**TASK TO COMPLETE**
Would you give the listing again exactly, without its images?

**DATA SECTION**

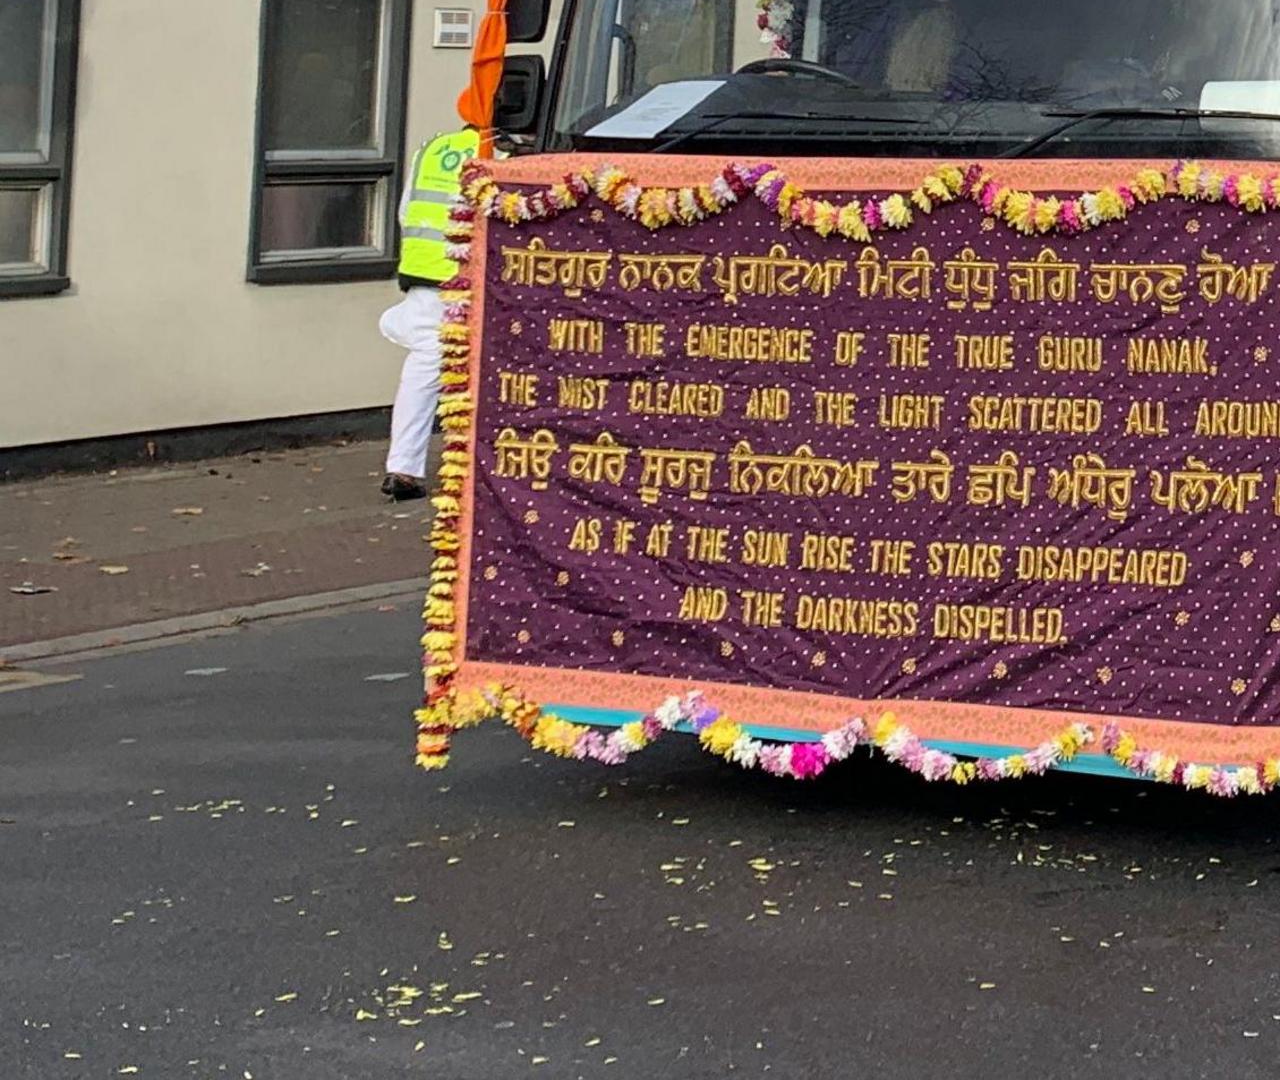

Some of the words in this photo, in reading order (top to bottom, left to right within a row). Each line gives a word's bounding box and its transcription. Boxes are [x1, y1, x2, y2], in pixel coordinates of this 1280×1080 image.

[501, 238, 612, 297] ਸਤਿਗੁਰ
[619, 254, 706, 291] ਨਾਨਕ
[855, 247, 935, 298] ਮਿਟੀ
[1007, 248, 1080, 301] ਜਗਿ
[1090, 263, 1187, 313] ਚਾਨਣੁ
[1197, 245, 1275, 303] ਹੋਆ
[548, 319, 604, 353] WITH
[625, 323, 665, 356] THE
[686, 325, 813, 362] EMERGENCE
[836, 331, 865, 366] OF
[888, 333, 931, 368] THE
[955, 334, 1014, 369] TRUE
[1038, 335, 1102, 371] GURU
[499, 372, 539, 407] THE
[558, 377, 610, 410] MIST
[629, 380, 724, 416] CLEARED
[745, 387, 791, 420] AND
[814, 391, 856, 426] THE
[879, 394, 945, 429] LIGHT
[969, 395, 1101, 433] SCATTERED
[1126, 400, 1170, 436] ALL
[569, 431, 629, 483] ਕਰਿ
[728, 440, 880, 497] ਨਿਕਲਿਆ
[891, 450, 955, 504] ਤਾਰੇ
[967, 450, 1036, 507] ਛਪਿ
[1150, 456, 1263, 515] ਪਲੋਆ
[569, 518, 600, 552] AS
[613, 521, 636, 555] IF
[646, 524, 673, 558] AT
[687, 525, 730, 563] THE
[742, 529, 789, 566] SUN
[801, 532, 855, 571] RISE
[870, 540, 916, 575] THE
[927, 541, 1003, 578] STARS
[1017, 545, 1187, 587] DISAPPEARED
[679, 585, 728, 622] AND
[740, 590, 784, 627] THE
[796, 594, 919, 638] DARKNESS
[933, 603, 1067, 645] DISPELLED.
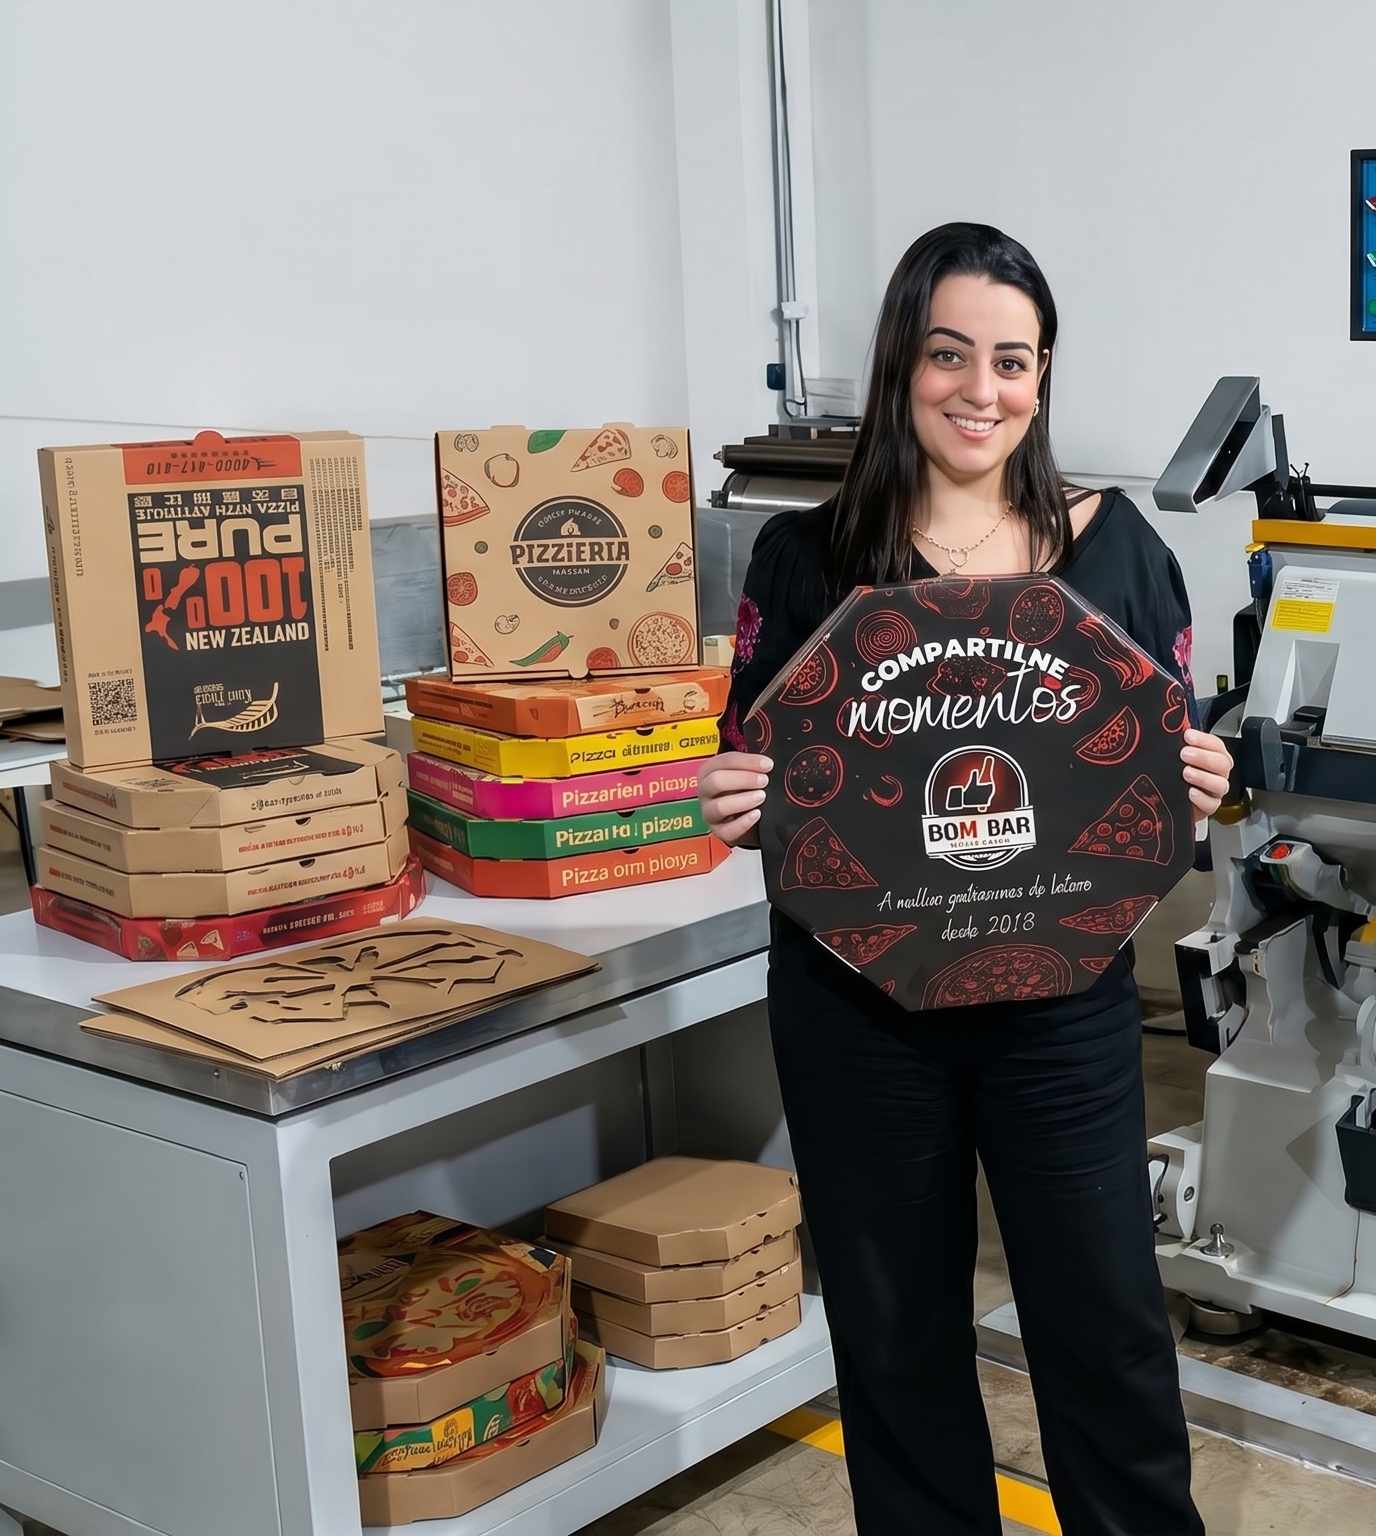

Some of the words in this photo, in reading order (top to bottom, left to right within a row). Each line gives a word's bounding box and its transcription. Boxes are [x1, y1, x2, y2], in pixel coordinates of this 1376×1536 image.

[136, 514, 304, 564] PURE
[185, 629, 226, 651] NEW
[230, 622, 310, 647] ZEALAND
[861, 637, 1071, 692] COMPARTILNE
[847, 661, 1082, 737] momentos
[562, 782, 643, 808] Pizzarien
[928, 820, 978, 842] BOM
[987, 816, 1031, 837] BAR
[561, 867, 609, 887] Pizza
[876, 890, 893, 912] A
[985, 911, 1036, 936] 2018
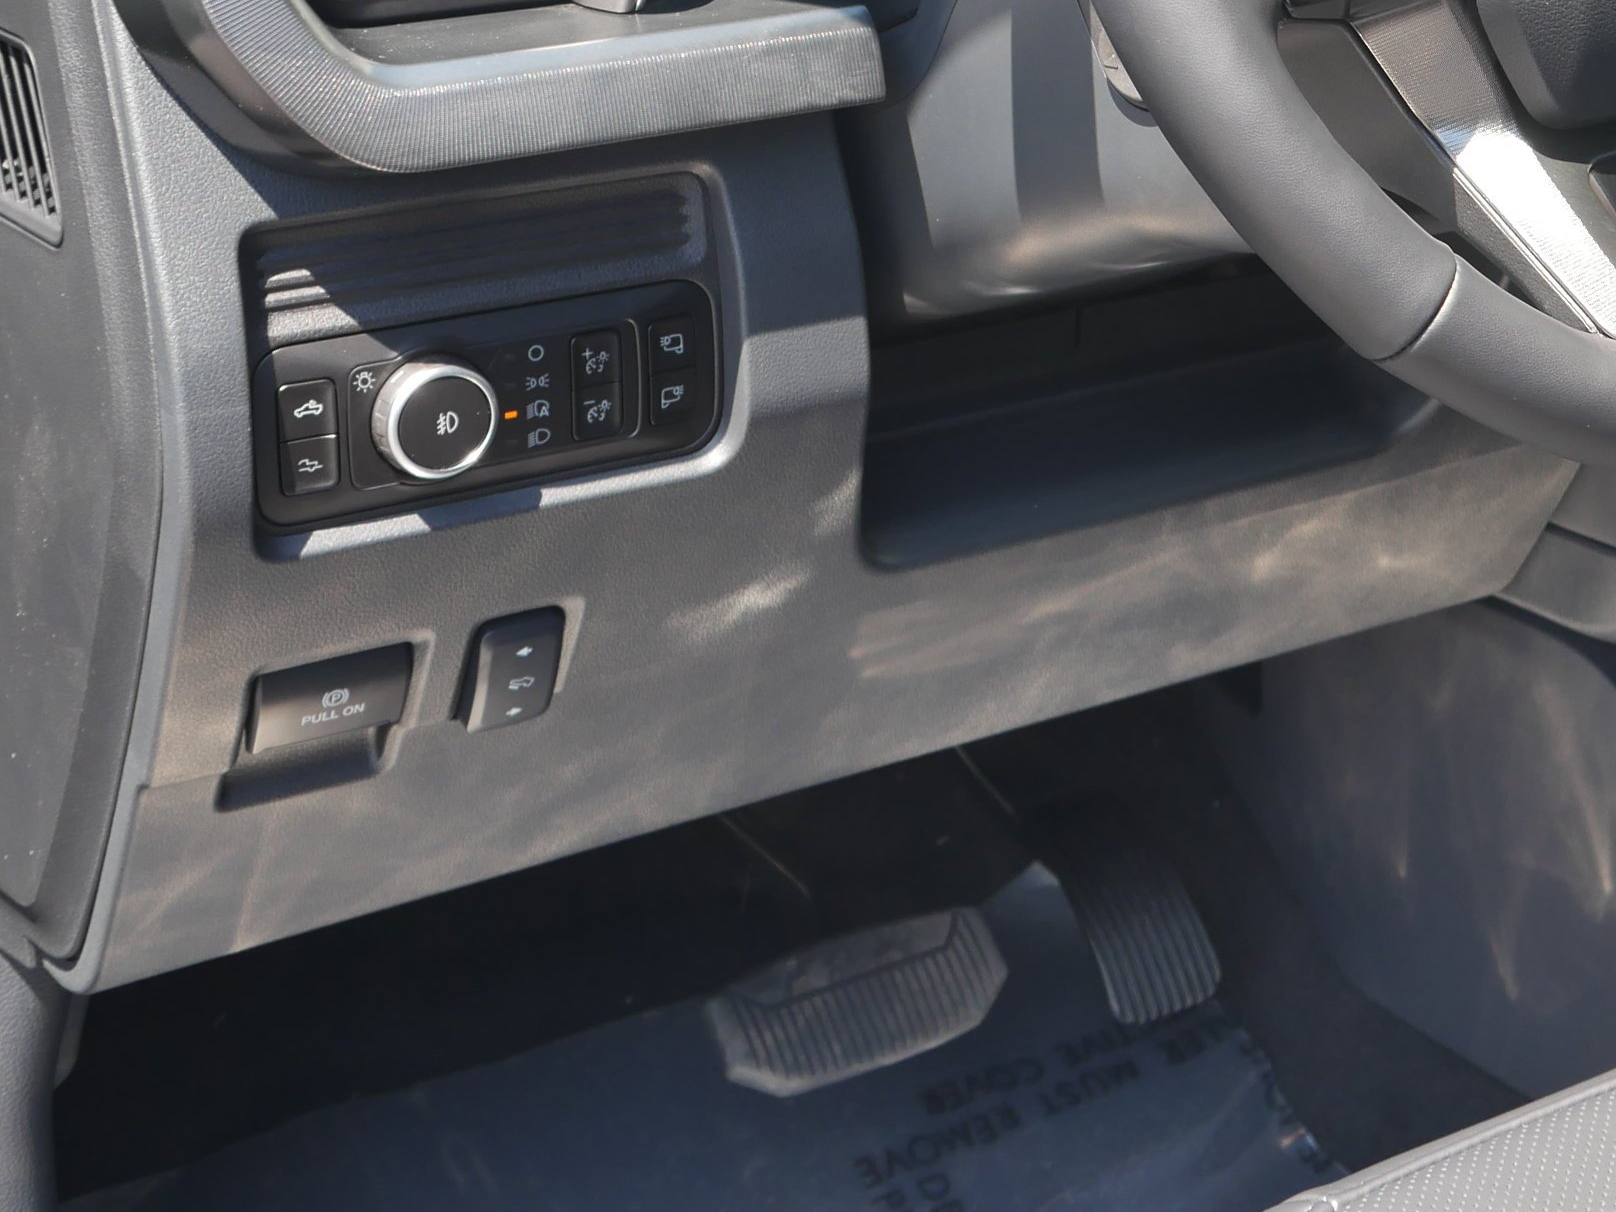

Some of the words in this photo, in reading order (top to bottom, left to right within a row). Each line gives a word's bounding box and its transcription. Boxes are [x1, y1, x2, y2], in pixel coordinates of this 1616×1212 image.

**OUTPUT OF THE TASK**
Some of the words in this photo, in reading order (top to bottom, left to right within a row). Each line gives a word's bounding box and its transcription. Boxes are [x1, y1, x2, y2], in pixel coordinates of this 1280×1080 image.

[501, 238, 612, 297] ਸਤਿਗੁਰ
[619, 254, 706, 291] ਨਾਨਕ
[855, 247, 935, 298] ਮਿਟੀ
[1007, 248, 1080, 301] ਜਗਿ
[1090, 263, 1187, 313] ਚਾਨਣੁ
[1197, 245, 1275, 303] ਹੋਆ
[548, 319, 604, 353] WITH
[625, 323, 665, 356] THE
[686, 325, 813, 362] EMERGENCE
[836, 331, 865, 366] OF
[888, 333, 931, 368] THE
[955, 334, 1014, 369] TRUE
[1038, 335, 1102, 371] GURU
[499, 372, 539, 407] THE
[558, 377, 610, 410] MIST
[629, 380, 724, 416] CLEARED
[745, 387, 791, 420] AND
[814, 391, 856, 426] THE
[879, 394, 945, 429] LIGHT
[969, 395, 1101, 433] SCATTERED
[1126, 400, 1170, 436] ALL
[569, 431, 629, 483] ਕਰਿ
[728, 440, 880, 497] ਨਿਕਲਿਆ
[891, 450, 955, 504] ਤਾਰੇ
[967, 450, 1036, 507] ਛਪਿ
[1150, 456, 1263, 515] ਪਲੋਆ
[569, 518, 600, 552] AS
[613, 521, 636, 555] IF
[646, 524, 673, 558] AT
[687, 525, 730, 563] THE
[742, 529, 789, 566] SUN
[801, 532, 855, 571] RISE
[870, 540, 916, 575] THE
[927, 541, 1003, 578] STARS
[1017, 545, 1187, 587] DISAPPEARED
[679, 585, 728, 622] AND
[740, 590, 784, 627] THE
[796, 594, 919, 638] DARKNESS
[933, 603, 1067, 645] DISPELLED.

Some of the words in this photo, in reading order (top to bottom, left to right within a row). Each line gives a word's bounding box and its transcription. Boxes are [x1, y1, x2, y2], in pixel coordinates of this 1376×1536 image.

[136, 514, 304, 564] PURE
[185, 629, 226, 651] NEW
[230, 622, 310, 647] ZEALAND
[861, 637, 1071, 692] COMPARTILNE
[847, 661, 1082, 737] momentos
[562, 782, 643, 808] Pizzarien
[928, 820, 978, 842] BOM
[987, 816, 1031, 837] BAR
[561, 867, 609, 887] Pizza
[876, 890, 893, 912] A
[985, 911, 1036, 936] 2018

Some of the words in this photo, in reading order (top to bottom, left to right within a row). Each line gives a word's bounding box and its transcription. Boxes are [x1, y1, x2, y2], in pixel coordinates of this 1616×1212 image.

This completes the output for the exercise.